Perhaps most importantly, no lamb dish should go unaccompanied. A fresh baguette and a nice bottle of wine are perfect for sharing around the table. Of course, we are partial to our Rombauer cousins' 2011 Zinfandel, though a Cabernet or Merlot would make for fine company as well.

Other articles you might enjoy: Grilled, Marinated Lamb Chops With Risi e Bisi, Braised Lamb Shanks, Pan-Roasted Venison Loin Wrapped In Ramps and Bacon

Spring Lamb Stew (Navarin Printanière)
about 8 servings

Shoulder, shank, breast... any stewing cut will work here. Shoulder chops are especially convenient for browning as they only require one flip. Just remember, the fattier the cut, the more important it is to let the stew chill overnight in the refrigerator to efficiently remove the fat.

Trim the fat from:
     3 pounds lamb stew meat (shoulder, neck, breast, or shank)
If the lamb is boneless, cut into large chunks. Liberally season with:
     Freshly ground black pepper

Add to a large heavy skillet over medium heat:
     2 tablespoons vegetable oil
Add the meat, in batches, and patiently brown on all sides. Remove the meat as it browns to a Dutch oven. Pour off all but 2 tablespoons of the fat and brown in the pan until golden:
     12 small shallots, cipollini, spring, or pearl onions, peeled with ends trimmed
     8 cloves garlic, peeled
     1 large leek, cleaned and split in half

Remove these to the Dutch oven, drain the fat, and add to the pan over low heat:
     2 tablespoon butter
Once melted, slowly whisk in:
     2 tablespoons flour
Lightly cook the roux, stirring frequently until it begins to color, about five minutes. Increase the heat to high and add:
     2 cups white wine
Bring to a boil, stirring to release any browned bits and mix in the roux. Continue to simmer until the wine has been reduce by about half. Pour over the meat, along with:
     3 cups lamb stock, beef stock, or water
     2 tablespoons tomato paste

     1 bay leaf
Simmer, covered, for about 1 1/2 hours.

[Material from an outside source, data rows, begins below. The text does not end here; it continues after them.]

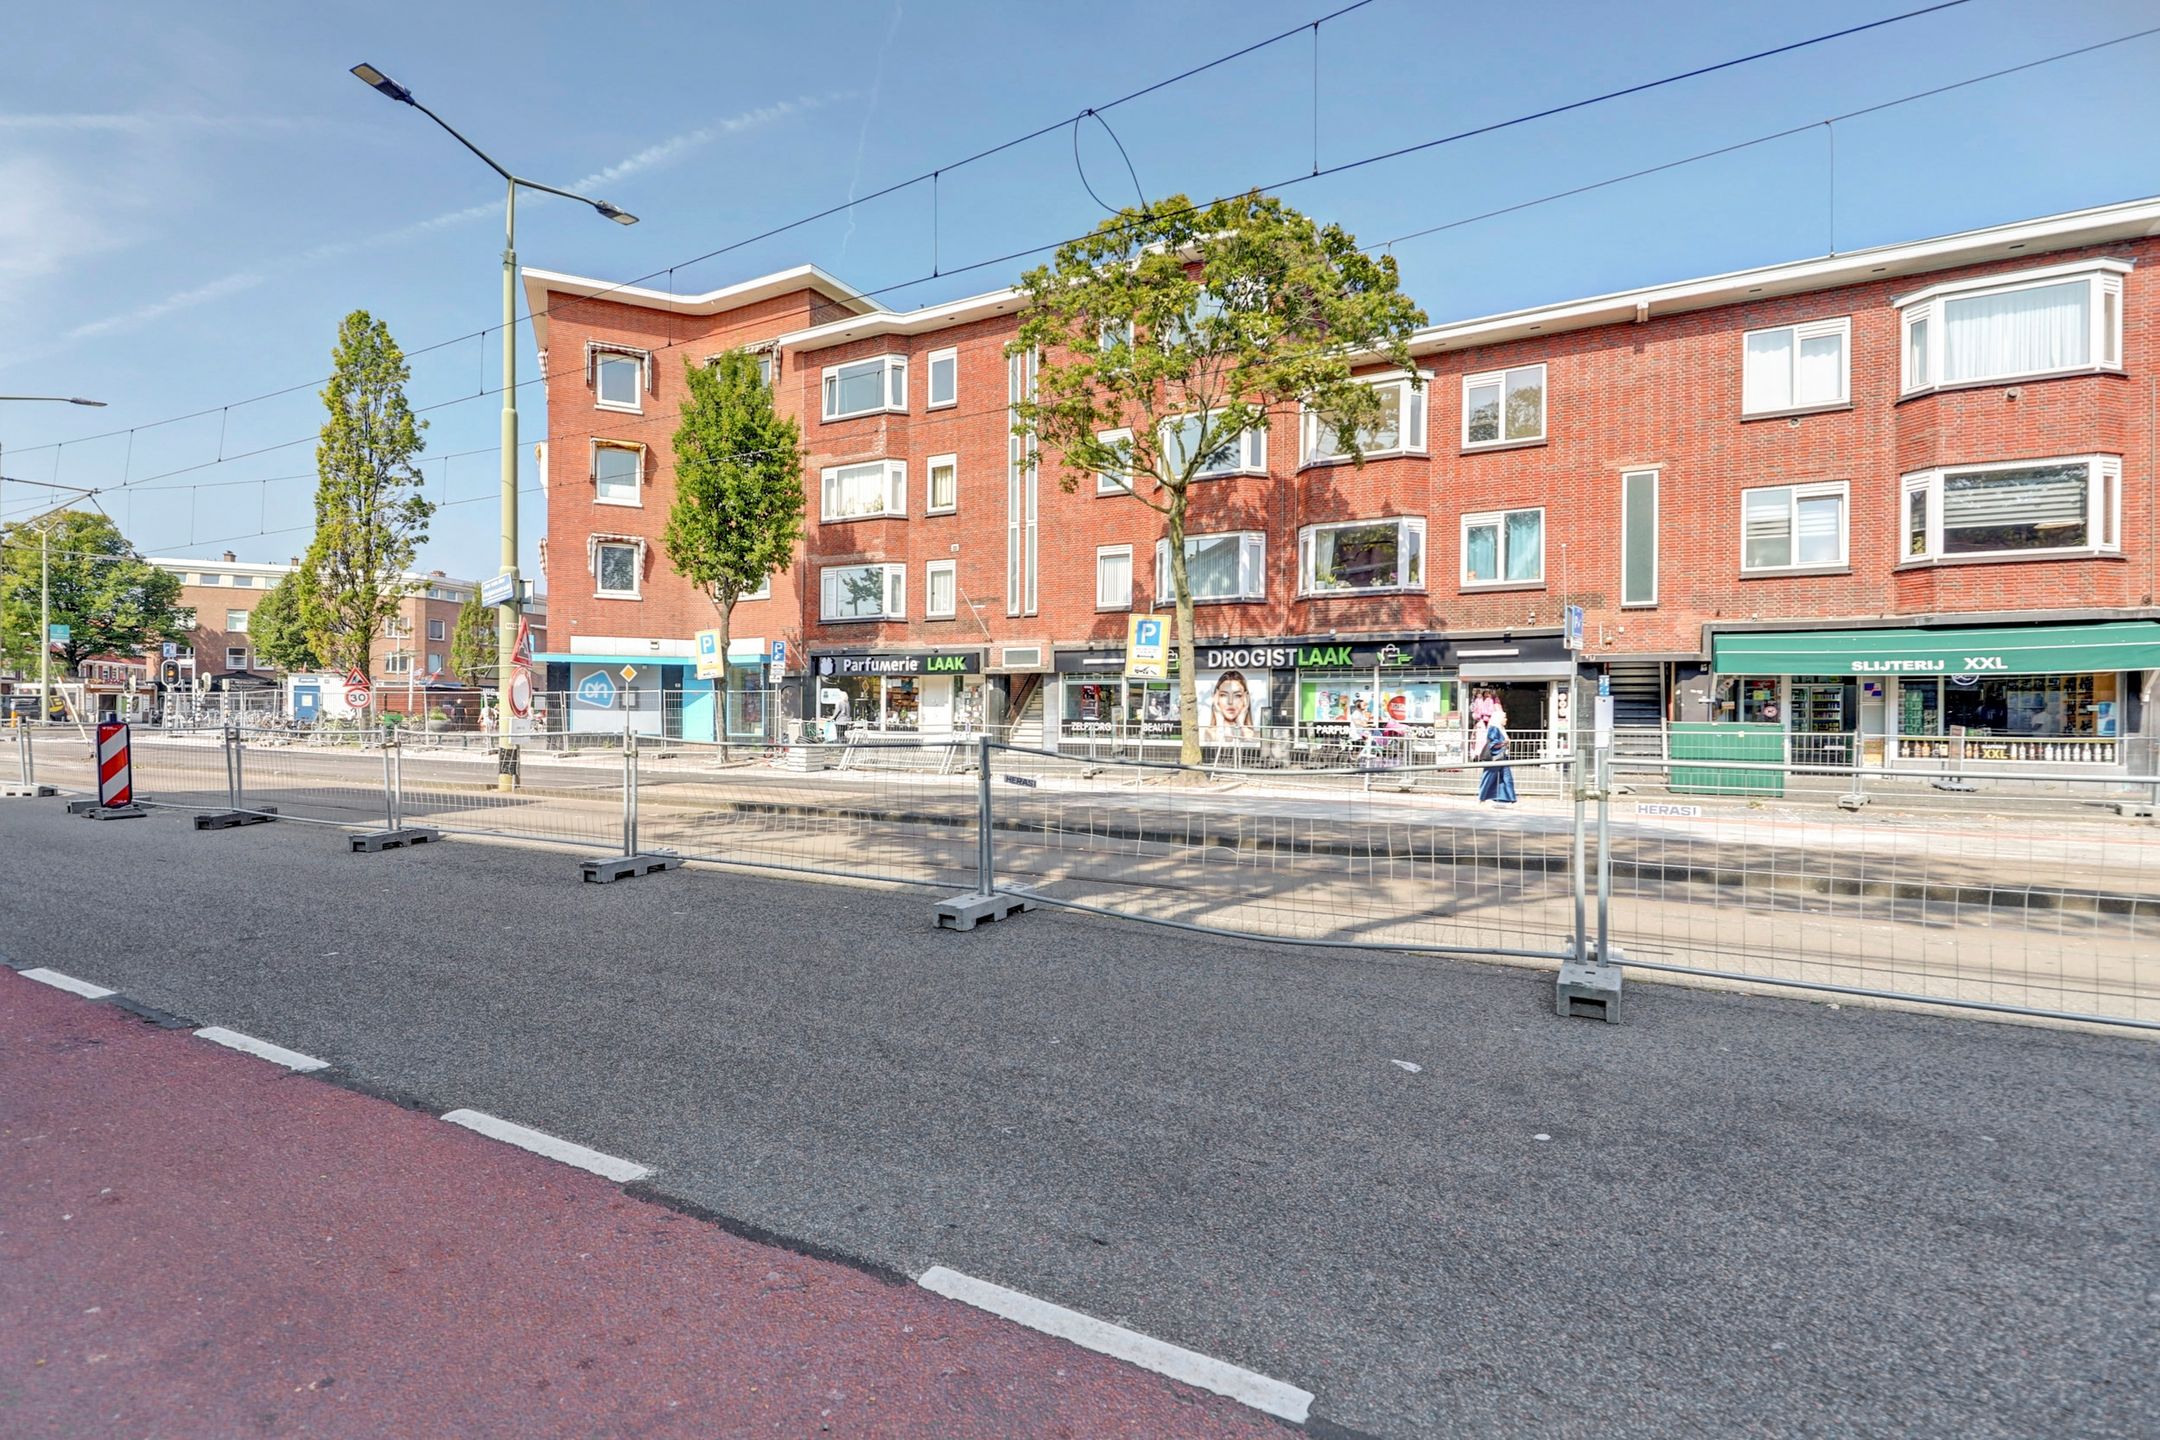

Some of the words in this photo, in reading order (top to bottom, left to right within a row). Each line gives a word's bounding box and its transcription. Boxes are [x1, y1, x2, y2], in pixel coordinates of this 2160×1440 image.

[1141, 623, 1157, 643] P
[703, 637, 712, 651] P
[843, 655, 918, 672] Parfumerie
[927, 656, 966, 671] LAAK
[1851, 660, 1945, 671] SLIJTERIJ
[1964, 657, 2008, 670] XXL
[350, 693, 366, 702] 30
[1143, 723, 1174, 732] BEAUTY
[1983, 749, 2008, 759] XXL

For tougher cuts like neck and breast, be sure the lamb is fork-tender. Remove any bones from the lamb and chill overnight, if possible. Skim off the fat from the cooking liquid. Return to the stovetop and bring to a simmer, adding:
    1/2 pound small new potatoes, whole or cut in half
     6 young carrots, peeled
     1 turnip, peeled and cut into chunks
     2 sprigs of thyme and parsley
Simmer, covered, for about 20 minutes, or until the vegetables are tender. Serve in bowls and garnish each one with:
    1/4 cup cooked fresh or frozen peas
     6 french green beans (haricots verts), blanched and thinly sliced
     Finely chopped parsley and onion or garlic greens


pat swaney's picture

If I want to use lamb shoulder chops, with bones in which I would remove after simmering, how many pounds should I start with? (it seems from the recipe that you mean 3 lbs of actual meat) Thank you!
john's picture

Sorry for the delayed reply Pat... Bone-in chops are very much preferred! I use them all the time for dishes like this because they are super easy to brown and the bones add a nice meaty depth to the braising liquid. 3 pounds should be just fine, but 4 pounds will not hurt anything, especially if you have a roomy pot/dutch oven. Dishes like this really stretch the meat you use and the proportions of vegetables and braising liquid to meat are --to my mind-- pretty flexible, especially since you can reduce the liquid after the meat has finished braising.